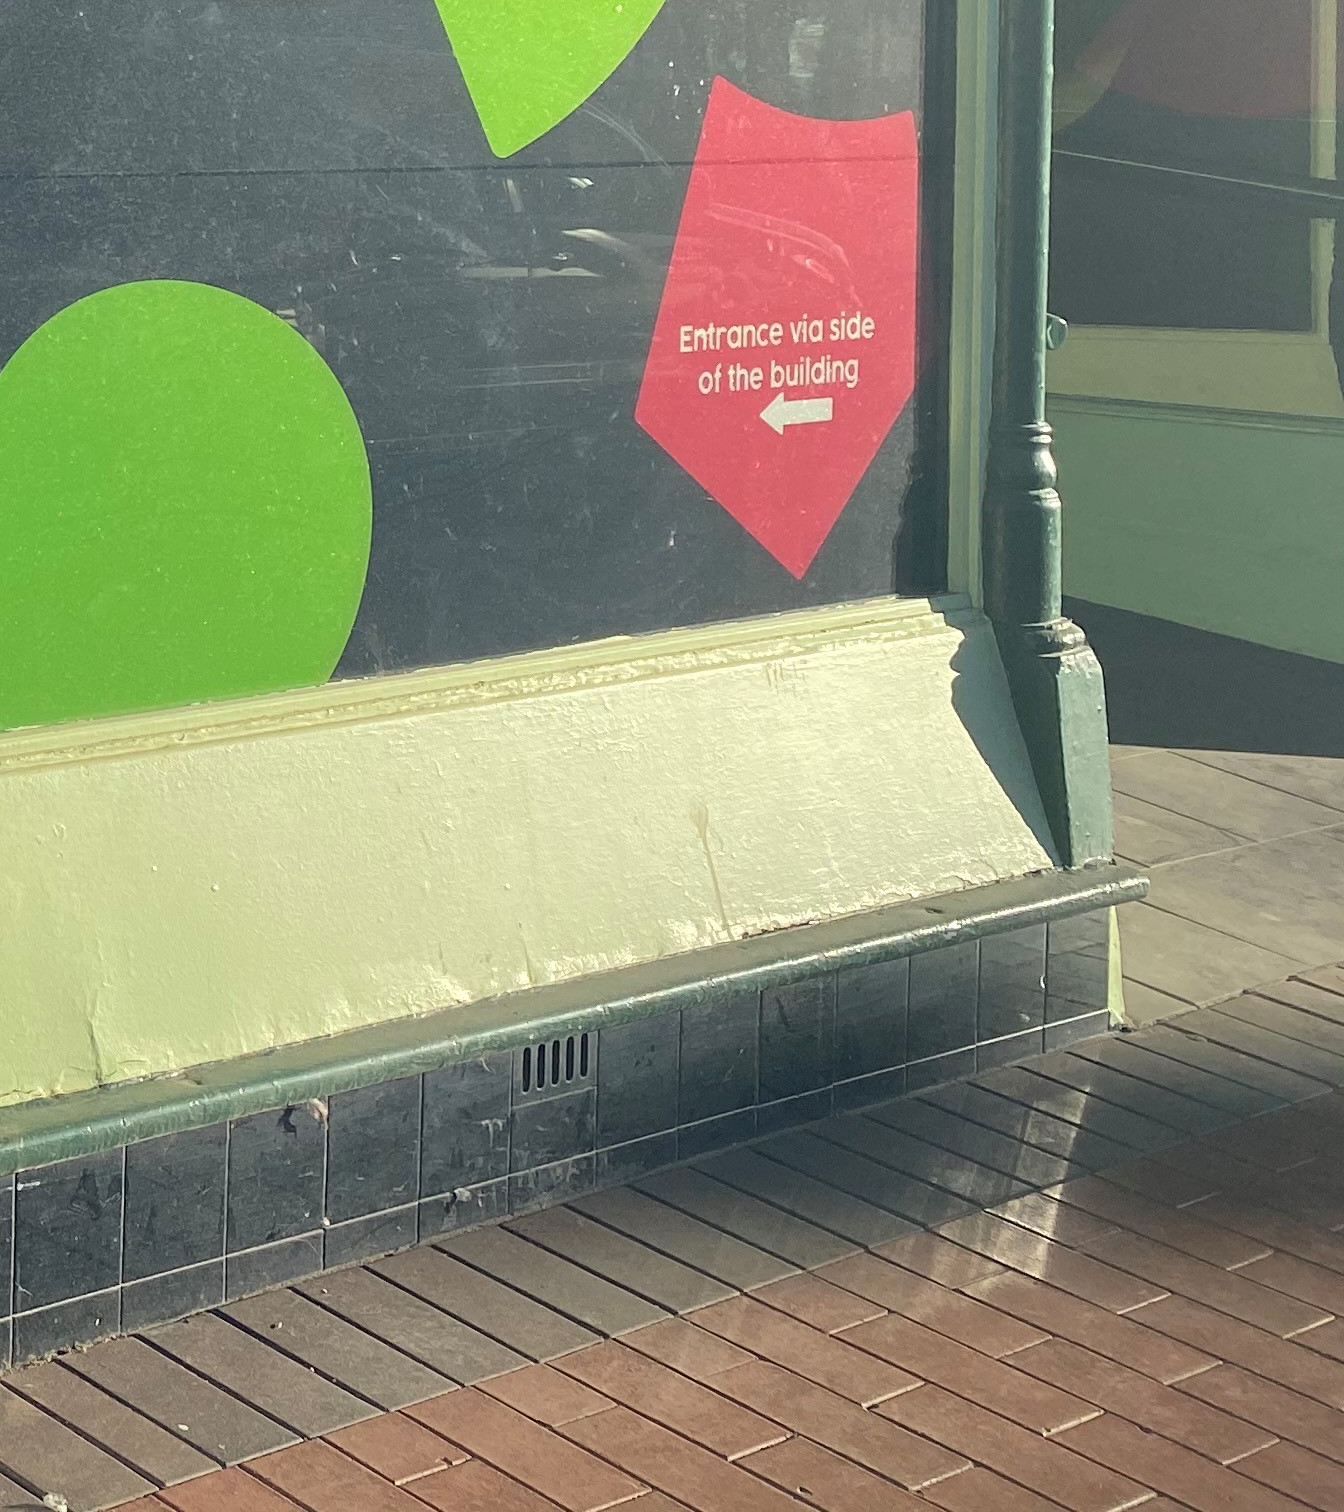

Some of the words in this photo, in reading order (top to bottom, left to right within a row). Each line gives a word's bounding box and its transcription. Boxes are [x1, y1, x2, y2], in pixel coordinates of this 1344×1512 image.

[679, 322, 784, 353] Entrance
[789, 313, 823, 344] via
[829, 311, 876, 341] side
[698, 362, 722, 395] of
[727, 362, 764, 392] the
[770, 354, 860, 389] building
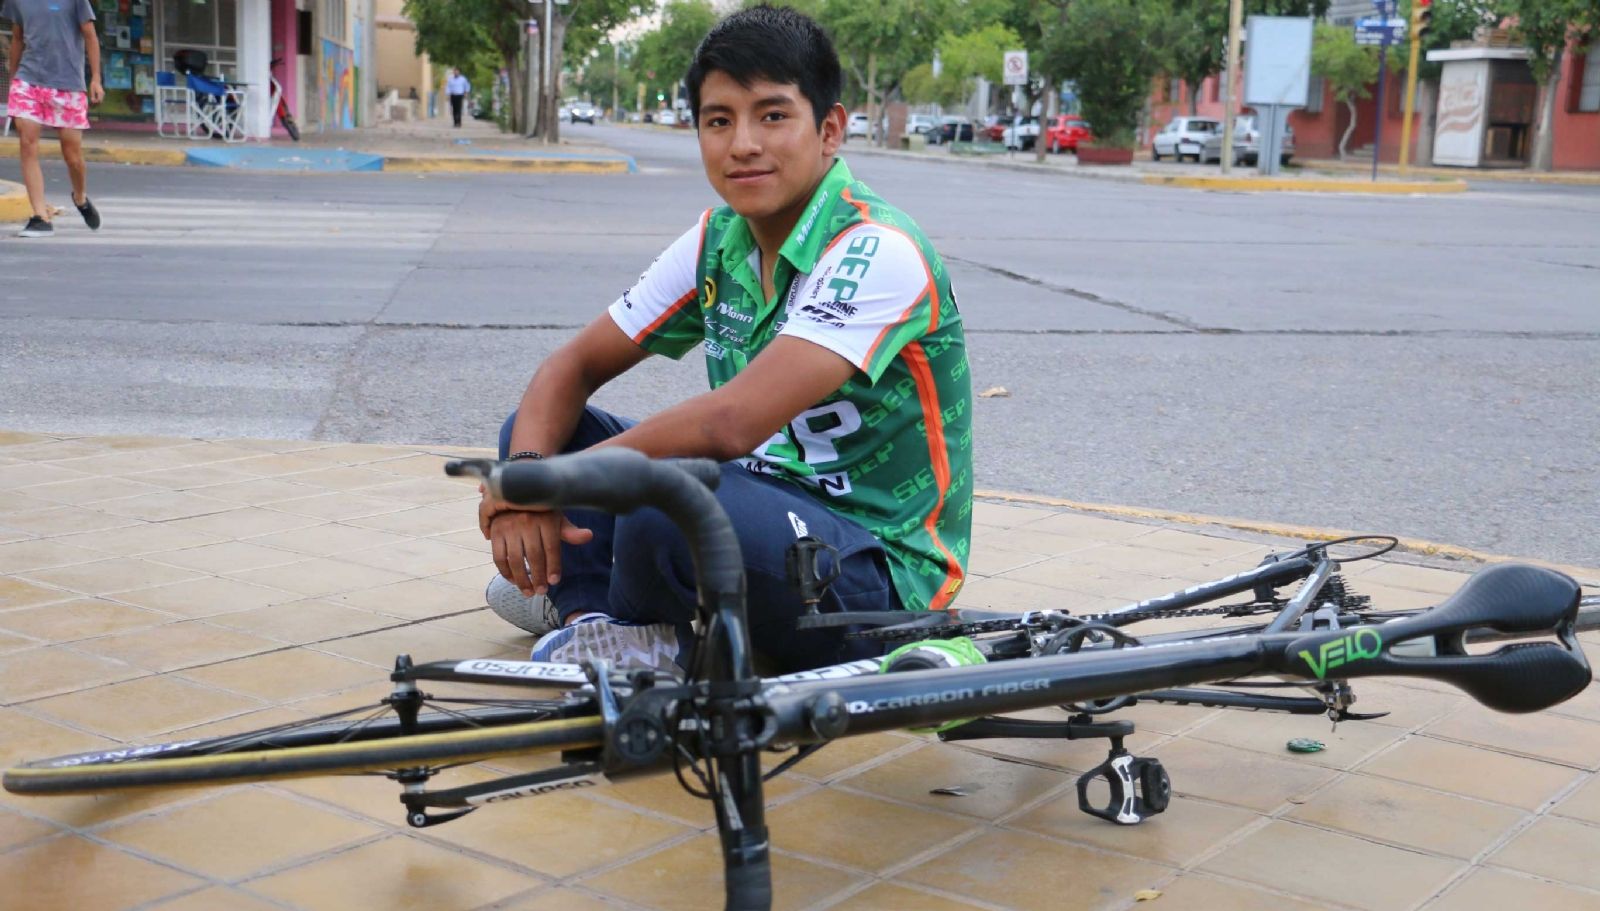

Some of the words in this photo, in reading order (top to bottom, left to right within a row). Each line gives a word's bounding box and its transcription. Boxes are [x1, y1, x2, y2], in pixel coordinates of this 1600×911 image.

[796, 189, 829, 247] Monton
[828, 236, 879, 301] SEP
[861, 377, 916, 428] SEP
[892, 464, 935, 504] SE
[1298, 627, 1383, 680] VELO
[981, 676, 1050, 696] FIBER
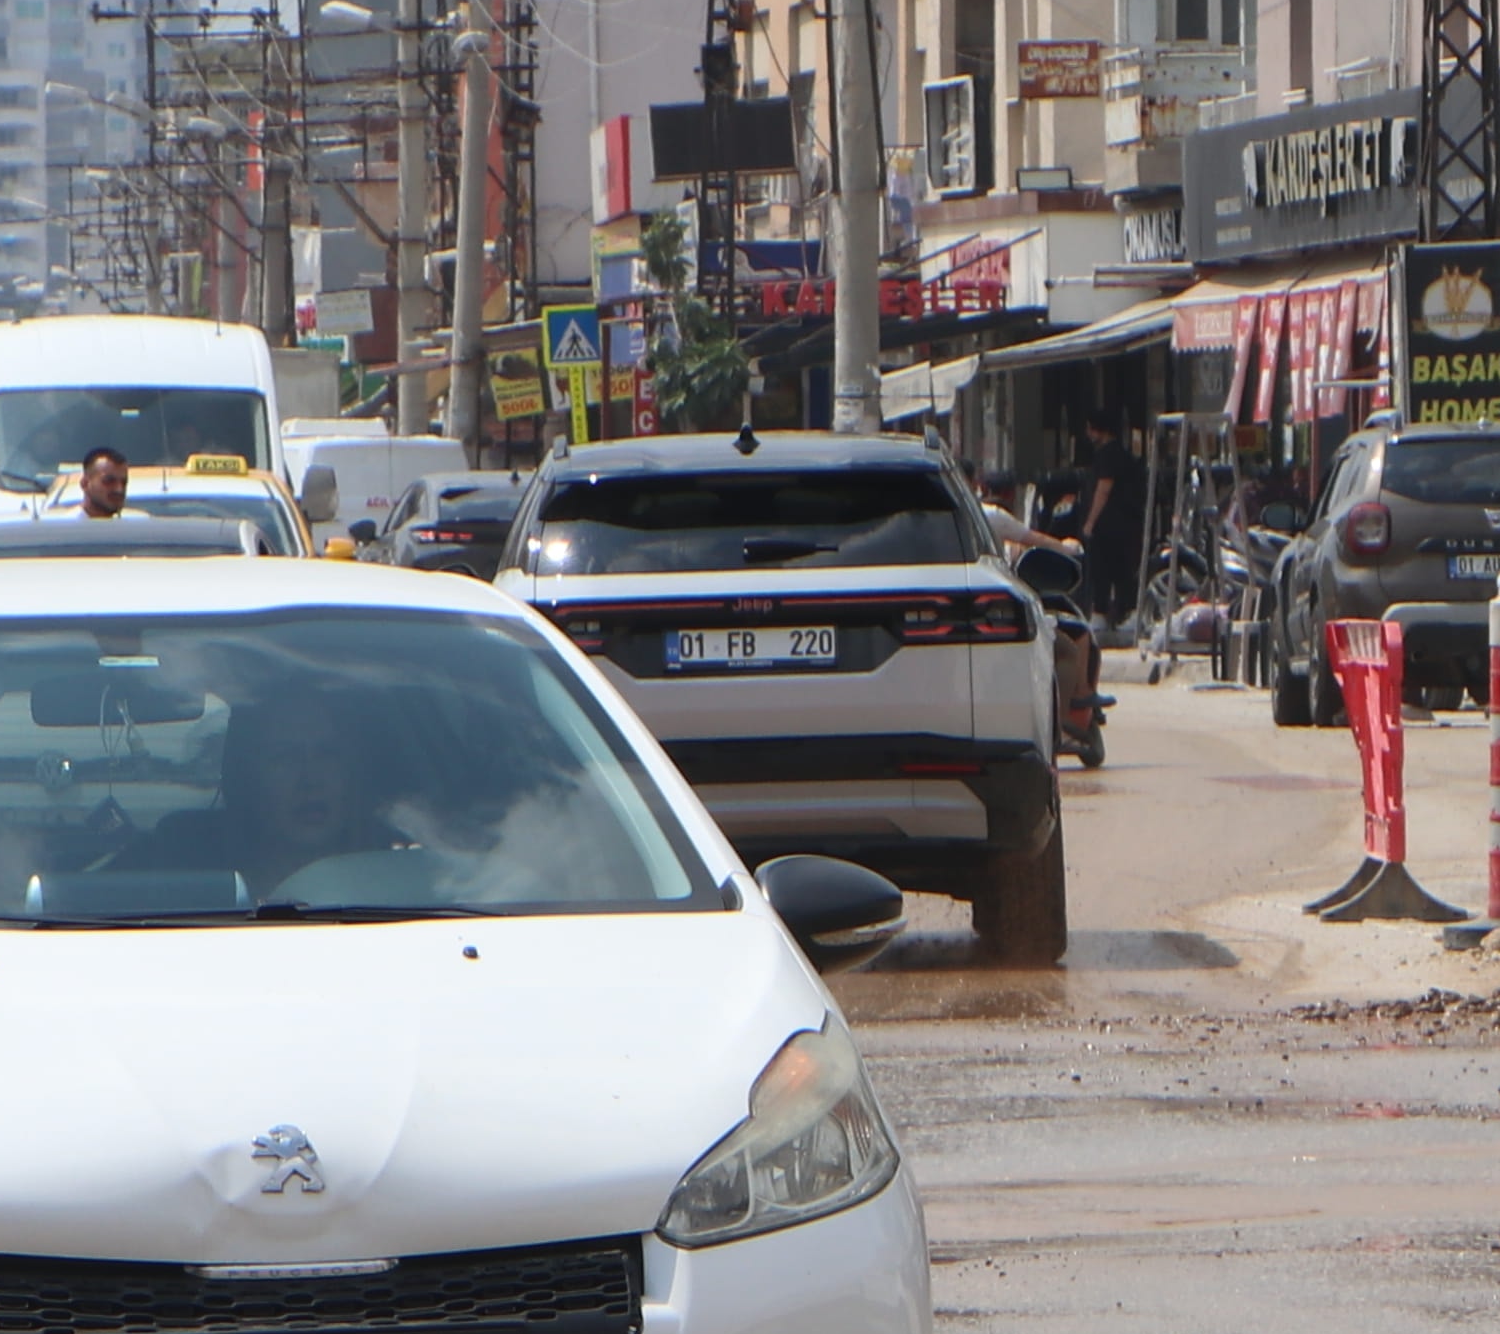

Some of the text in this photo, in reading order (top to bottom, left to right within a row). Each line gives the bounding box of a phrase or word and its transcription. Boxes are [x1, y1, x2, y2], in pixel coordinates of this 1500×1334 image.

[1265, 119, 1383, 218] KARDEŞLER ET
[732, 598, 773, 613] Jeep
[680, 633, 704, 659] 01
[728, 631, 756, 657] FB
[790, 629, 833, 656] 220
[227, 1266, 364, 1278] PEUGEOT
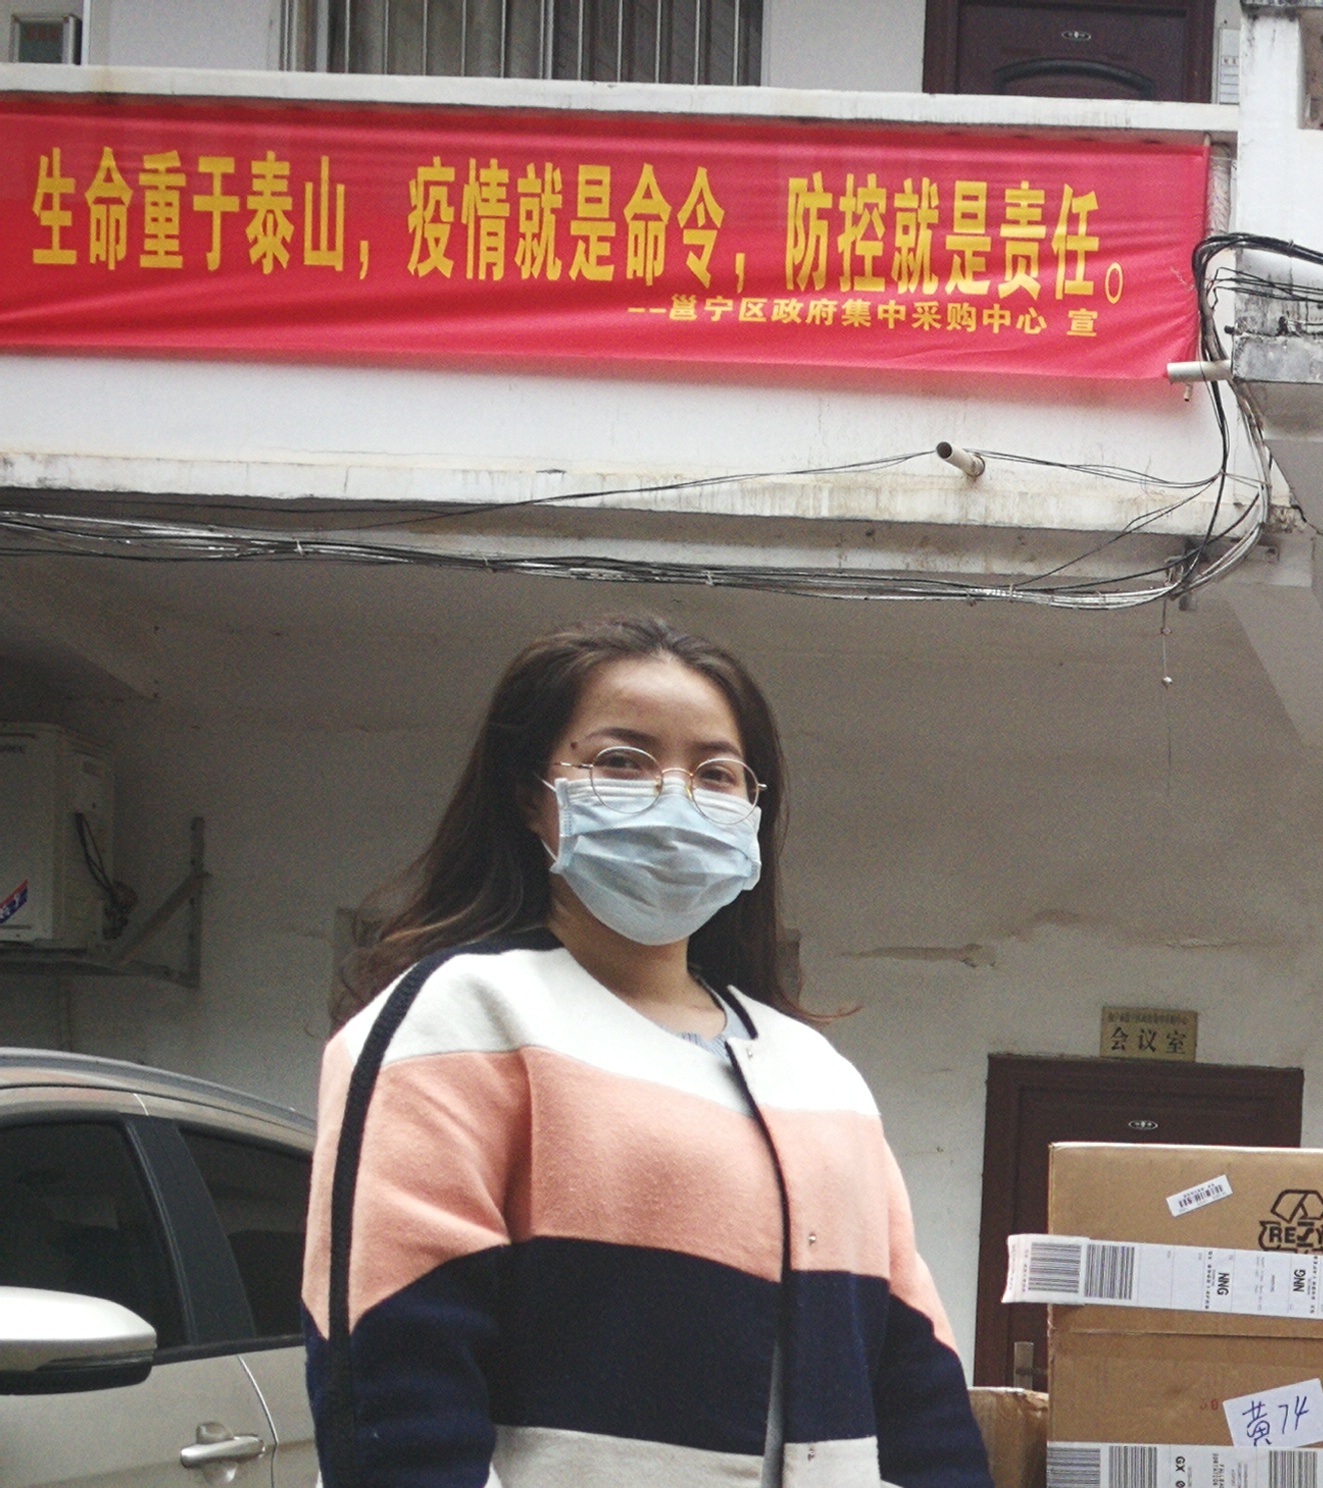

■ PROBLEM DETAILS ■
Return the material in full and unaltered, minus its pictures.

■ OUTPUT BELOW ■
Some of the words in this photo, in reading order (top to bottom, left to right within a row). Each line gives a word's bounding box and its transcription. Boxes are [x1, y1, x2, y2], in pixel coordinates of this 1344×1512 image.

[679, 322, 784, 353] Entrance
[789, 313, 823, 344] via
[829, 311, 876, 341] side
[698, 362, 722, 395] of
[727, 362, 764, 392] the
[770, 354, 860, 389] building

Some of the words in this photo, in reading order (top to bottom, left to right within a row). Each line gives a word's bounding box and its transcription. Boxes are [x1, y1, x2, y2], in pixel coordinates of this 1600×911 image.

[796, 189, 829, 247] Monton
[828, 236, 879, 301] SEP
[861, 377, 916, 428] SEP
[892, 464, 935, 504] SE
[1298, 627, 1383, 680] VELO
[981, 676, 1050, 696] FIBER

Some of the text in this photo, in reading order (top to bottom, left to right within a row). Each line gives the bounding box of a phrase or word and its transcription. Boxes are [x1, y1, x2, y2], in pixel coordinates of this 1500×1334 image.

[1265, 119, 1383, 218] KARDEŞLER ET
[732, 598, 773, 613] Jeep
[680, 633, 704, 659] 01
[728, 631, 756, 657] FB
[790, 629, 833, 656] 220
[227, 1266, 364, 1278] PEUGEOT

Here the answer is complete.